++++ Dataset entries

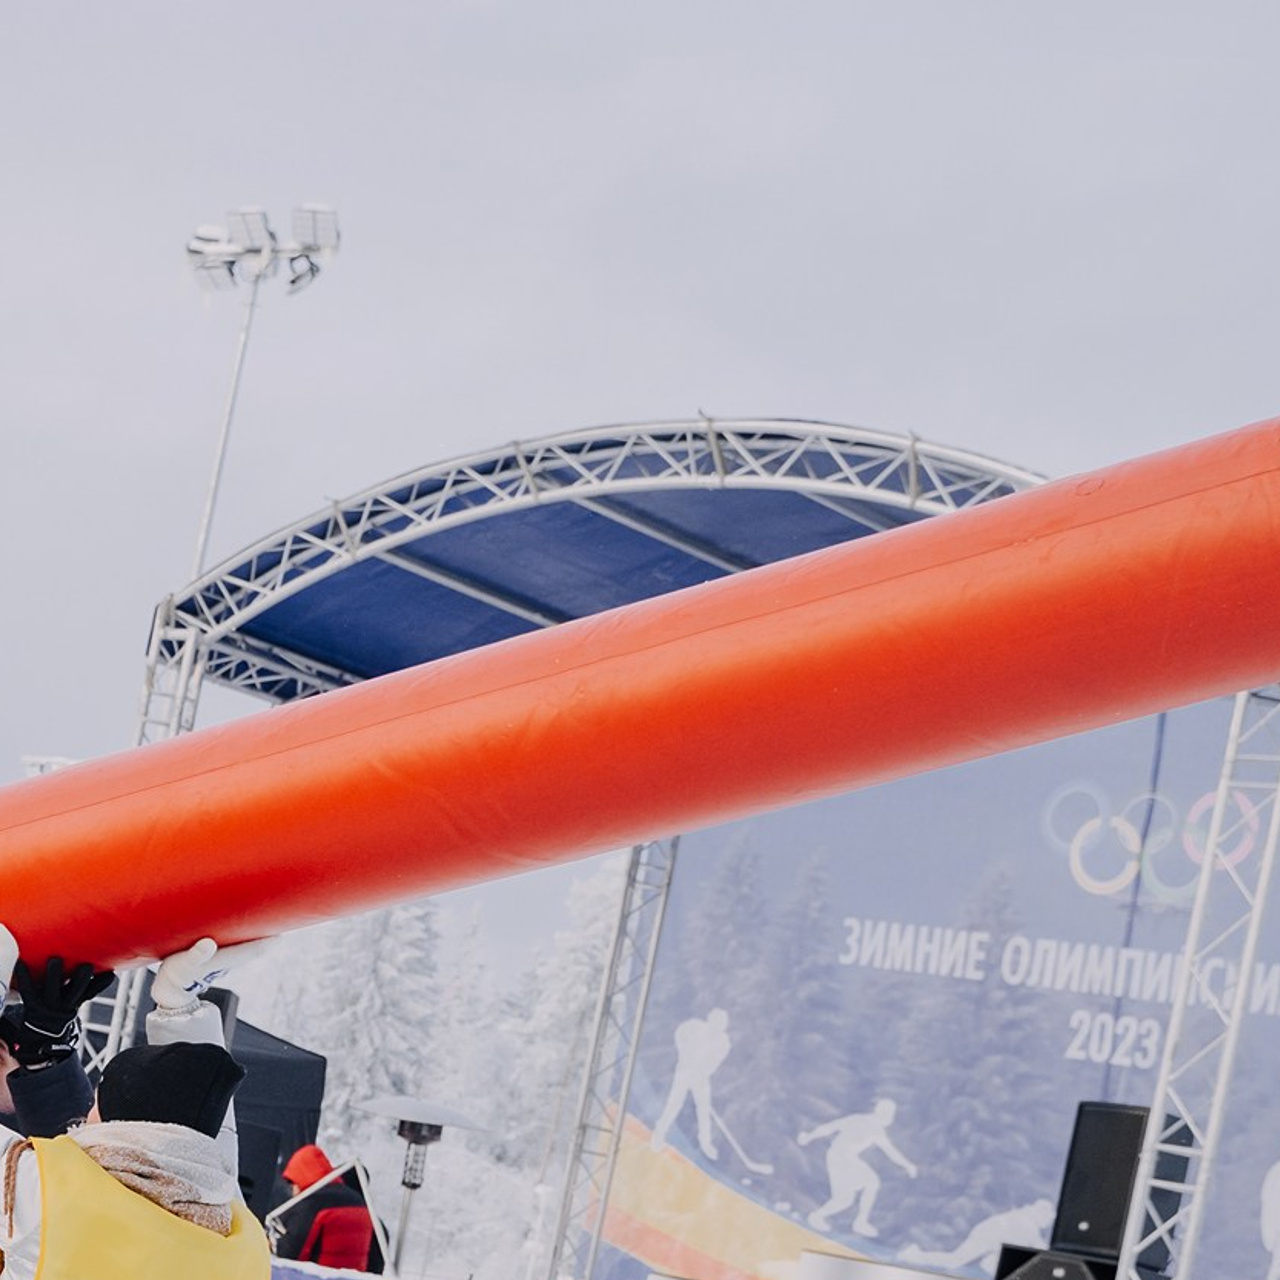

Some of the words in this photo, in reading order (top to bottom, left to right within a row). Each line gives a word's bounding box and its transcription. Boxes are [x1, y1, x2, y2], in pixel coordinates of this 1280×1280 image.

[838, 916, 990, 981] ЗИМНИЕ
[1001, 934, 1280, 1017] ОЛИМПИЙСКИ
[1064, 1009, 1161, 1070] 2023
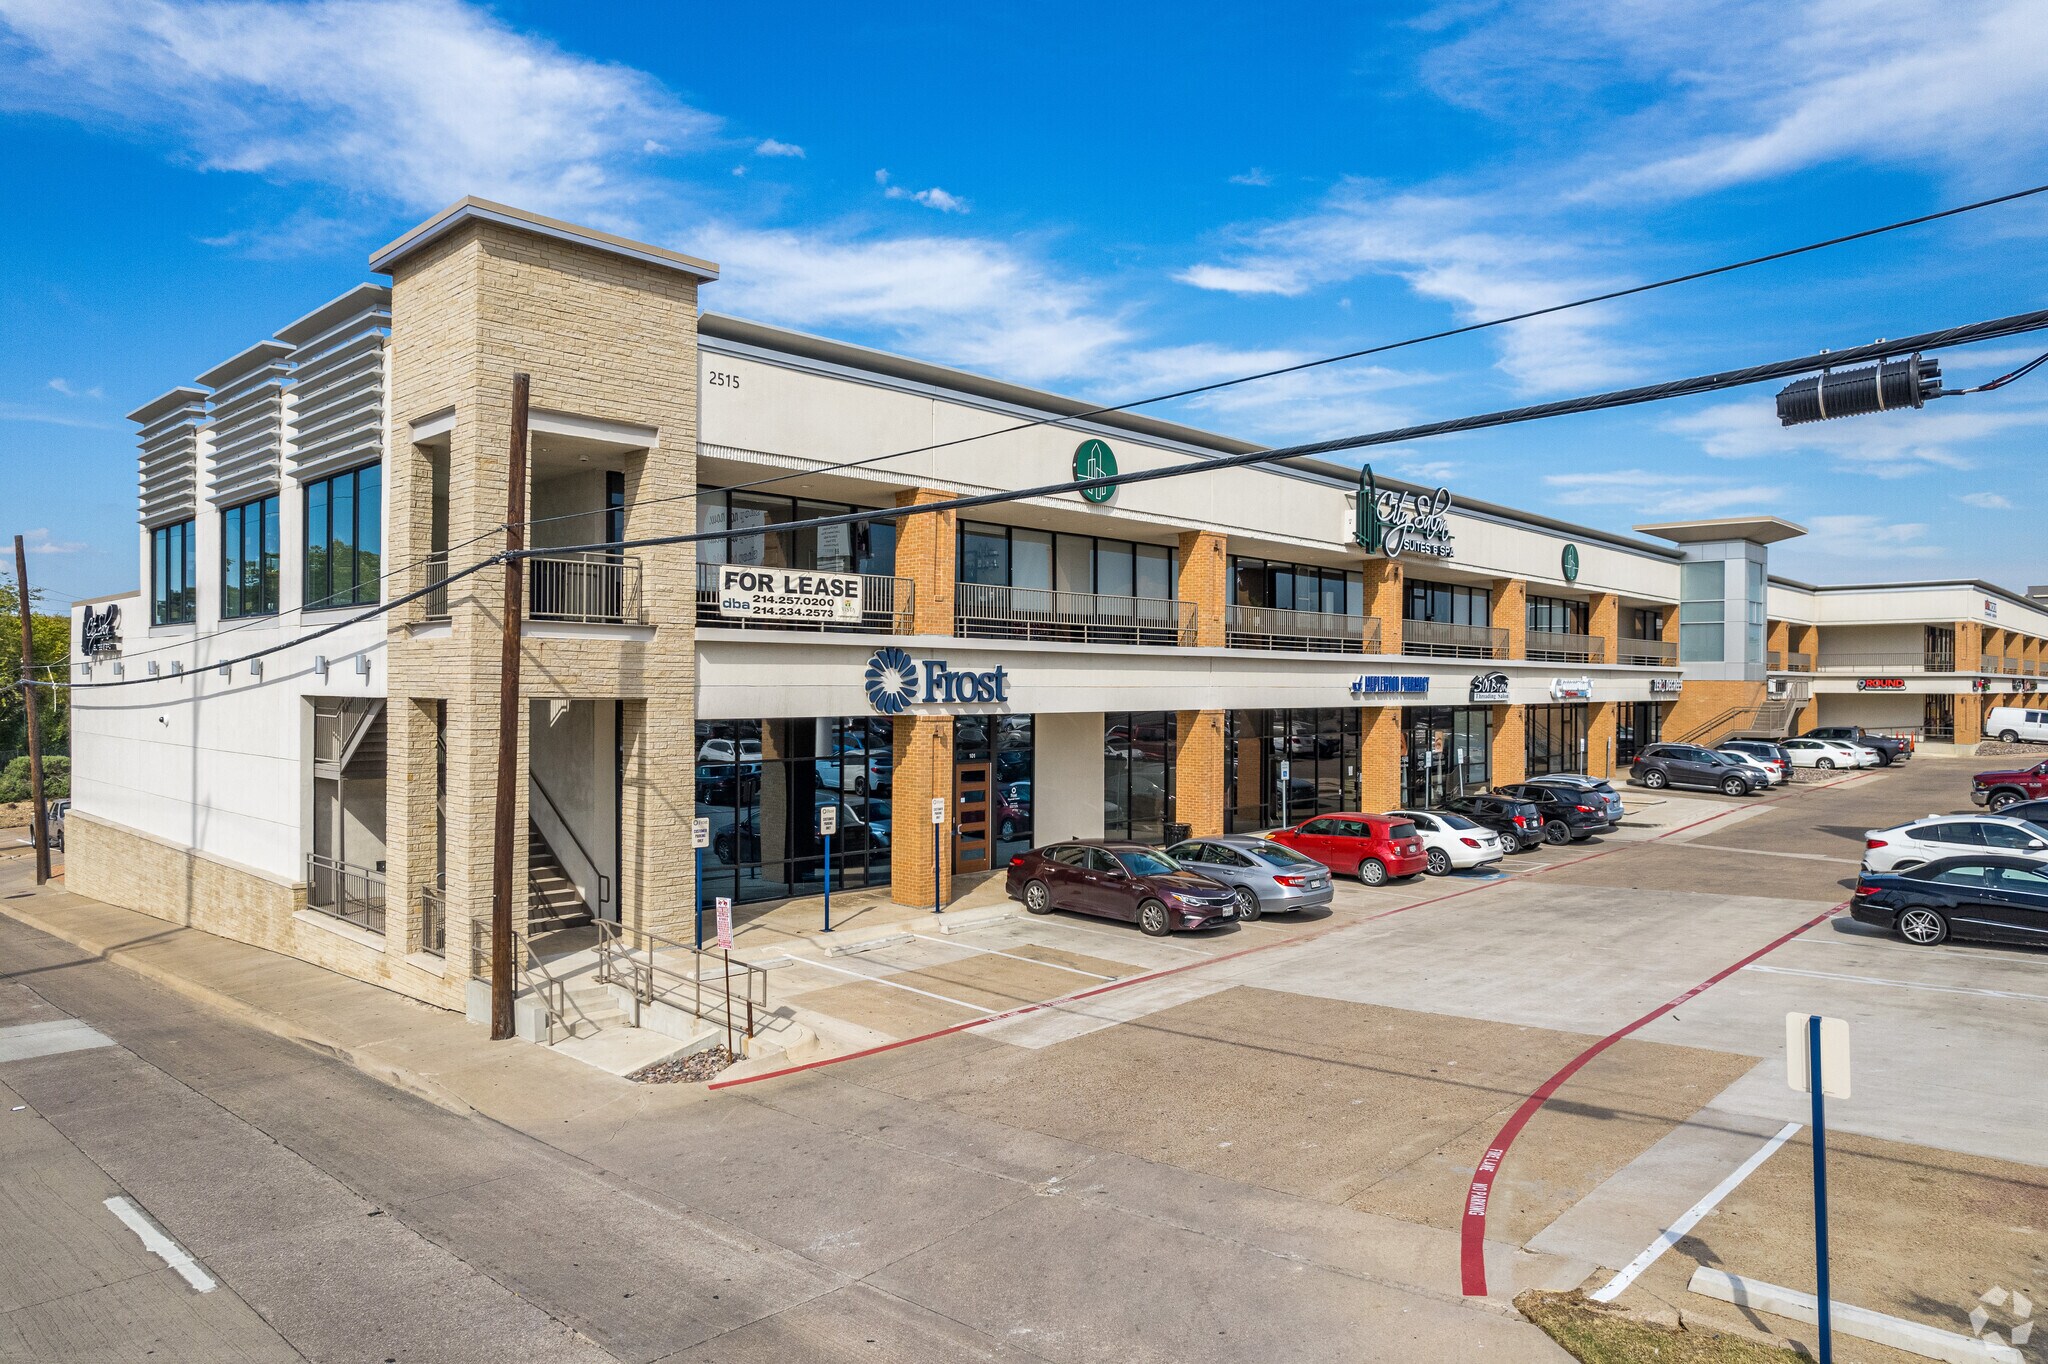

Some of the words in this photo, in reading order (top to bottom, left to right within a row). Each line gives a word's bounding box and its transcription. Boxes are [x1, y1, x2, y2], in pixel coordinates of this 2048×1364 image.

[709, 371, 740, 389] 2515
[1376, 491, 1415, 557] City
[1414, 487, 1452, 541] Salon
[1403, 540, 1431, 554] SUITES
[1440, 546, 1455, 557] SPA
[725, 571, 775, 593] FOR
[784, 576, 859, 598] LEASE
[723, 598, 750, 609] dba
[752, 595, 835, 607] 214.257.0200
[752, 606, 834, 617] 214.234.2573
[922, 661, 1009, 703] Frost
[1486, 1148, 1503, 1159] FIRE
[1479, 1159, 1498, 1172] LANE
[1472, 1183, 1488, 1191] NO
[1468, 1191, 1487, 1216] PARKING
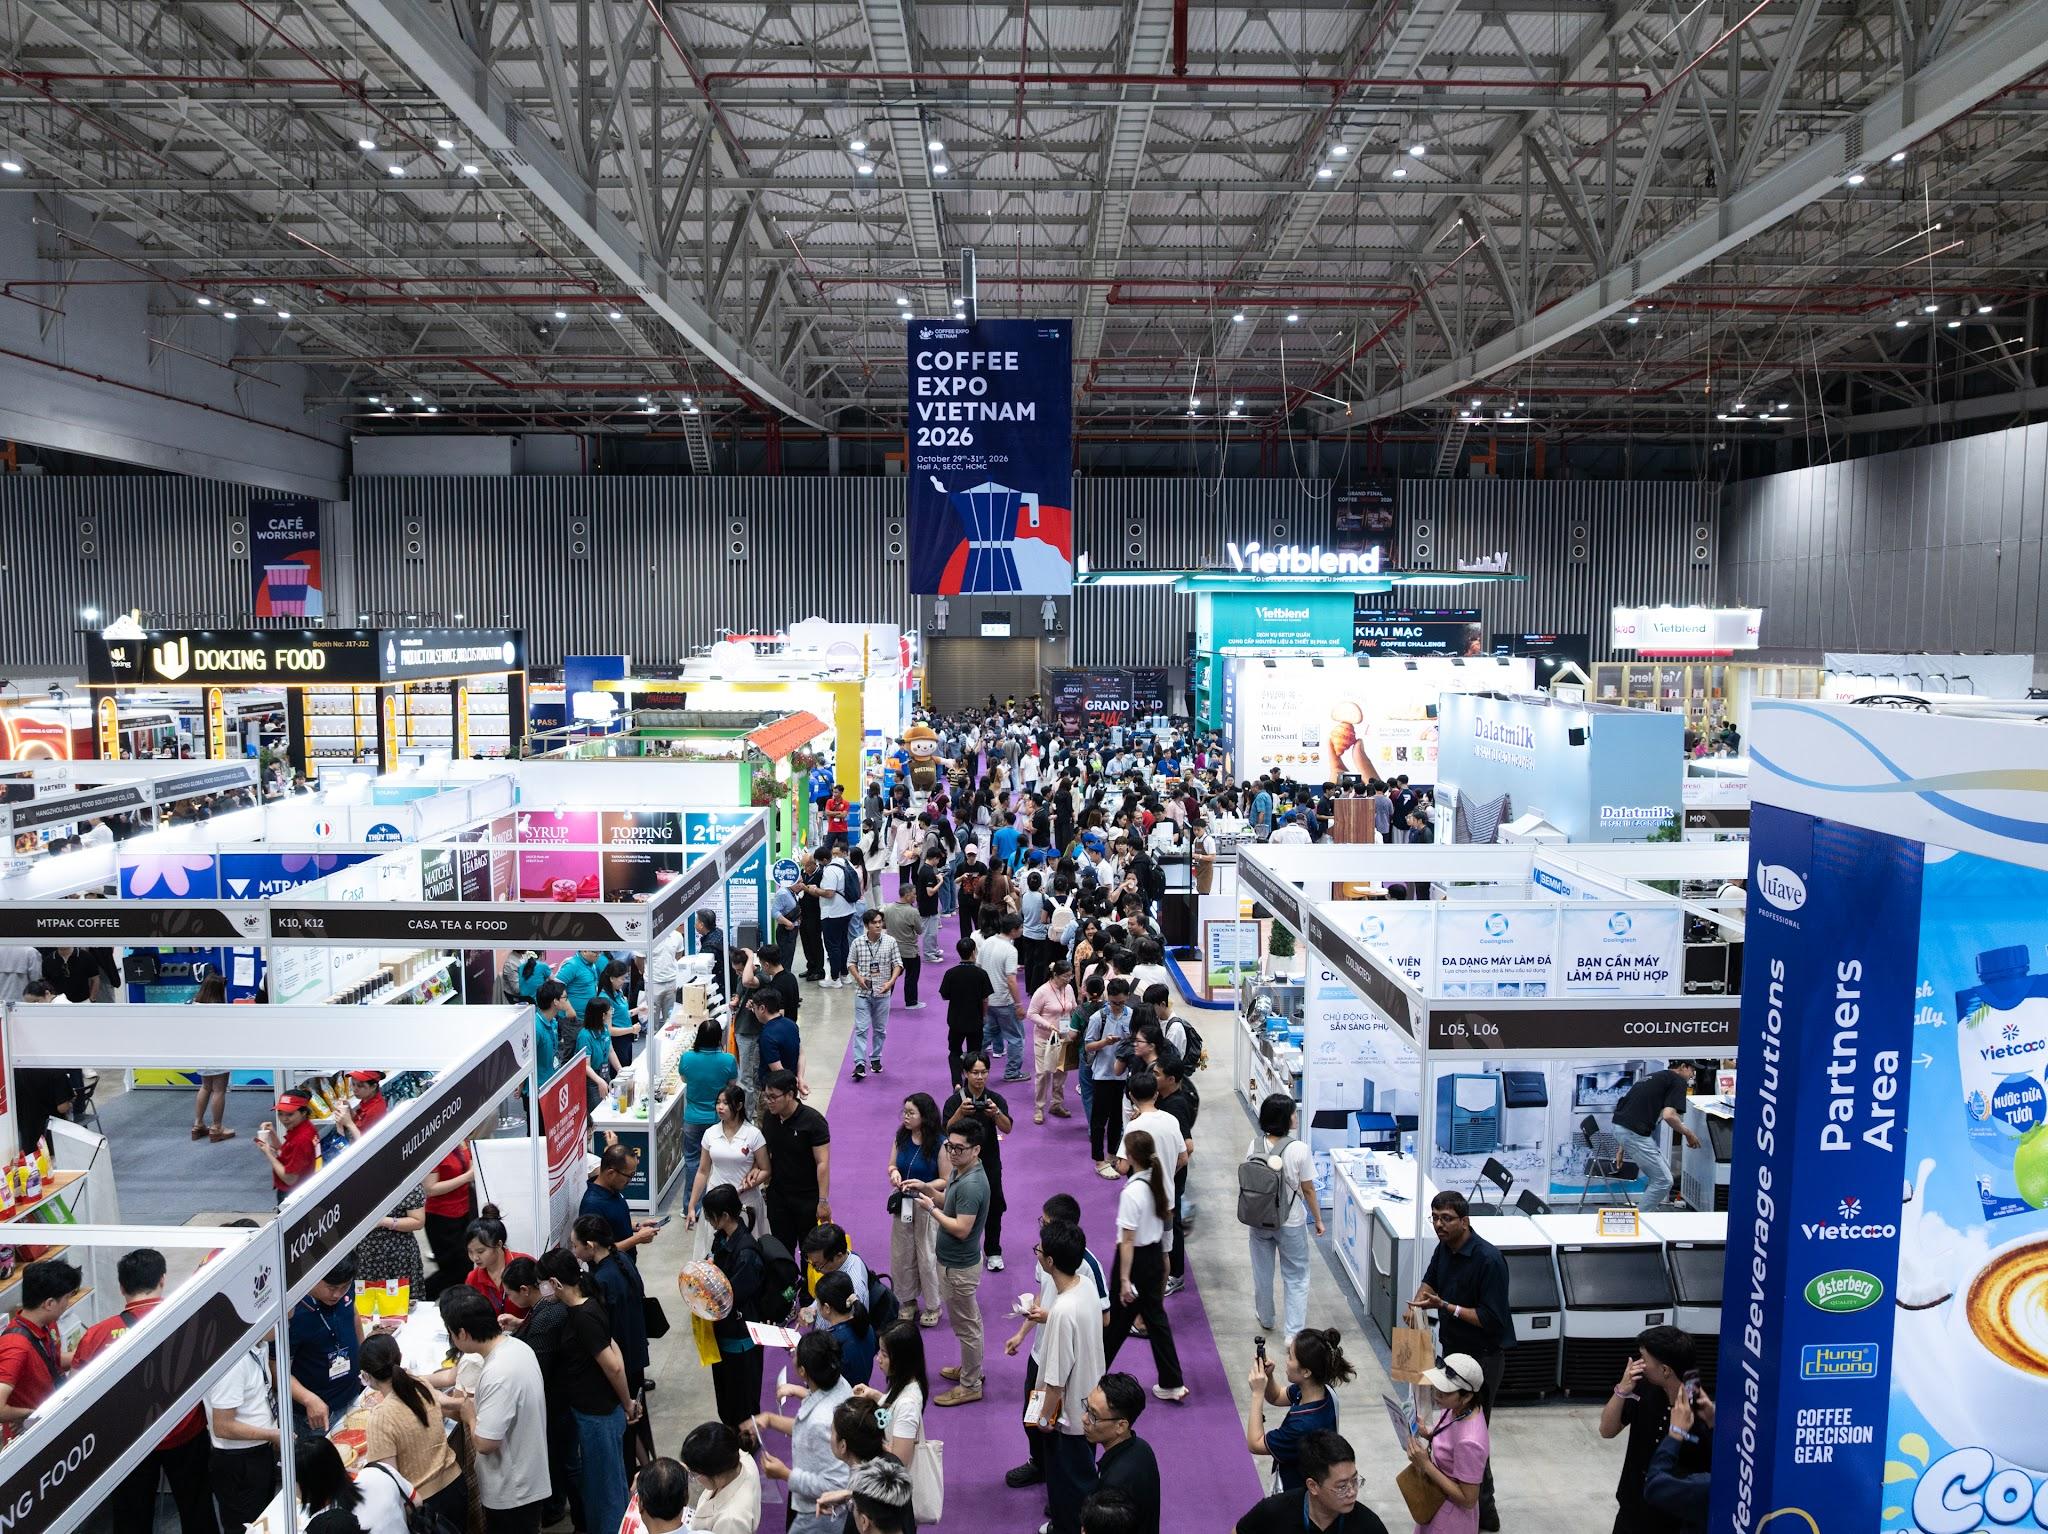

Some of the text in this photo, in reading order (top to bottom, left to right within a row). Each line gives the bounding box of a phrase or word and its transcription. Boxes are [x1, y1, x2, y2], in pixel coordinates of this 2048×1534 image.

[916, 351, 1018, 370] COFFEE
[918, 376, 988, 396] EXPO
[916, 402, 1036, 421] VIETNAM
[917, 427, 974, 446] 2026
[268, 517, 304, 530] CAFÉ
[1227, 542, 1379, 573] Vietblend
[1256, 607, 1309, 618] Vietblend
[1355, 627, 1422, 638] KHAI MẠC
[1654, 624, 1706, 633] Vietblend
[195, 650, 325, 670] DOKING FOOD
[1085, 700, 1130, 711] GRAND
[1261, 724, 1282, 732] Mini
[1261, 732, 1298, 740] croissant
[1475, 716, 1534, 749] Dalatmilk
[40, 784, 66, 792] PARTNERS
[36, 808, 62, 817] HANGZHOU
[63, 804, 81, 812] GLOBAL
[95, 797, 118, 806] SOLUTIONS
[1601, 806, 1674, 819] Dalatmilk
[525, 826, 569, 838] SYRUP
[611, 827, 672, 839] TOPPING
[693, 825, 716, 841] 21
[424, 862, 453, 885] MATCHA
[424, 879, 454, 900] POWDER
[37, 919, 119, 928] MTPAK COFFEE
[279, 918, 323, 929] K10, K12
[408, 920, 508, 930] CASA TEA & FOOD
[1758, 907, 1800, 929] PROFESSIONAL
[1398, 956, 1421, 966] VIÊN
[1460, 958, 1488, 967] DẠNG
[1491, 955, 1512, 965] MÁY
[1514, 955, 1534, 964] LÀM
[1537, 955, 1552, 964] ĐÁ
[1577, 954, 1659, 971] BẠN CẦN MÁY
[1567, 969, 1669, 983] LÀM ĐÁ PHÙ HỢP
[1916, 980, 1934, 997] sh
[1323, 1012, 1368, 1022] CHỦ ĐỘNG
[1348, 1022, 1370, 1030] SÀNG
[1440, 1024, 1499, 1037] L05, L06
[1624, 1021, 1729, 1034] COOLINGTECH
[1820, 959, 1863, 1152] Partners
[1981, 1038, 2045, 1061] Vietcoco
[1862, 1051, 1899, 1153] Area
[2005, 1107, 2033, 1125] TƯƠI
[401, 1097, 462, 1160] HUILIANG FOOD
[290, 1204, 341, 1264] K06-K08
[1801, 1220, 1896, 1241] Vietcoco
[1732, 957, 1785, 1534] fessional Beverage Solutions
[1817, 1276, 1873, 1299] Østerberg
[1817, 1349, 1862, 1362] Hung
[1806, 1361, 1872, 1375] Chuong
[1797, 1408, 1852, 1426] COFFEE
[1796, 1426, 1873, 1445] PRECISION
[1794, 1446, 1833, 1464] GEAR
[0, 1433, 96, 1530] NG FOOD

++++++++

Could the lines above be copied out exactly, with no image carried over?

• Response
Some of the words in this photo, in reading order (top to bottom, left to right within a row). Each line gives a word's bounding box and its transcription. Boxes are [x1, y1, x2, y2], in pixel coordinates of this 1280×1280 image.

[838, 916, 990, 981] ЗИМНИЕ
[1001, 934, 1280, 1017] ОЛИМПИЙСКИ
[1064, 1009, 1161, 1070] 2023

Some of the words in this photo, in reading order (top to bottom, left to right within a row). Each line gives a word's bounding box and its transcription. Boxes are [x1, y1, x2, y2], in pixel coordinates of this 2048×1364 image.

[709, 371, 740, 389] 2515
[1376, 491, 1415, 557] City
[1414, 487, 1452, 541] Salon
[1403, 540, 1431, 554] SUITES
[1440, 546, 1455, 557] SPA
[725, 571, 775, 593] FOR
[784, 576, 859, 598] LEASE
[723, 598, 750, 609] dba
[752, 595, 835, 607] 214.257.0200
[752, 606, 834, 617] 214.234.2573
[922, 661, 1009, 703] Frost
[1486, 1148, 1503, 1159] FIRE
[1479, 1159, 1498, 1172] LANE
[1472, 1183, 1488, 1191] NO
[1468, 1191, 1487, 1216] PARKING

Some of the text in this photo, in reading order (top to bottom, left to right within a row). Each line gives the bounding box of a phrase or word and its transcription. Boxes are [x1, y1, x2, y2], in pixel coordinates of this 2048×1534 image.

[916, 351, 1018, 370] COFFEE
[918, 376, 988, 396] EXPO
[916, 402, 1036, 421] VIETNAM
[917, 427, 974, 446] 2026
[268, 517, 304, 530] CAFÉ
[1227, 542, 1379, 573] Vietblend
[1256, 607, 1309, 618] Vietblend
[1355, 627, 1422, 638] KHAI MẠC
[1654, 624, 1706, 633] Vietblend
[195, 650, 325, 670] DOKING FOOD
[1085, 700, 1130, 711] GRAND
[1261, 724, 1282, 732] Mini
[1261, 732, 1298, 740] croissant
[1475, 716, 1534, 749] Dalatmilk
[40, 784, 66, 792] PARTNERS
[36, 808, 62, 817] HANGZHOU
[63, 804, 81, 812] GLOBAL
[95, 797, 118, 806] SOLUTIONS
[1601, 806, 1674, 819] Dalatmilk
[525, 826, 569, 838] SYRUP
[611, 827, 672, 839] TOPPING
[693, 825, 716, 841] 21
[424, 862, 453, 885] MATCHA
[424, 879, 454, 900] POWDER
[37, 919, 119, 928] MTPAK COFFEE
[279, 918, 323, 929] K10, K12
[408, 920, 508, 930] CASA TEA & FOOD
[1758, 907, 1800, 929] PROFESSIONAL
[1398, 956, 1421, 966] VIÊN
[1460, 958, 1488, 967] DẠNG
[1491, 955, 1512, 965] MÁY
[1514, 955, 1534, 964] LÀM
[1537, 955, 1552, 964] ĐÁ
[1577, 954, 1659, 971] BẠN CẦN MÁY
[1567, 969, 1669, 983] LÀM ĐÁ PHÙ HỢP
[1916, 980, 1934, 997] sh
[1323, 1012, 1368, 1022] CHỦ ĐỘNG
[1348, 1022, 1370, 1030] SÀNG
[1440, 1024, 1499, 1037] L05, L06
[1624, 1021, 1729, 1034] COOLINGTECH
[1820, 959, 1863, 1152] Partners
[1981, 1038, 2045, 1061] Vietcoco
[1862, 1051, 1899, 1153] Area
[2005, 1107, 2033, 1125] TƯƠI
[401, 1097, 462, 1160] HUILIANG FOOD
[290, 1204, 341, 1264] K06-K08
[1801, 1220, 1896, 1241] Vietcoco
[1732, 957, 1785, 1534] fessional Beverage Solutions
[1817, 1276, 1873, 1299] Østerberg
[1817, 1349, 1862, 1362] Hung
[1806, 1361, 1872, 1375] Chuong
[1797, 1408, 1852, 1426] COFFEE
[1796, 1426, 1873, 1445] PRECISION
[1794, 1446, 1833, 1464] GEAR
[0, 1433, 96, 1530] NG FOOD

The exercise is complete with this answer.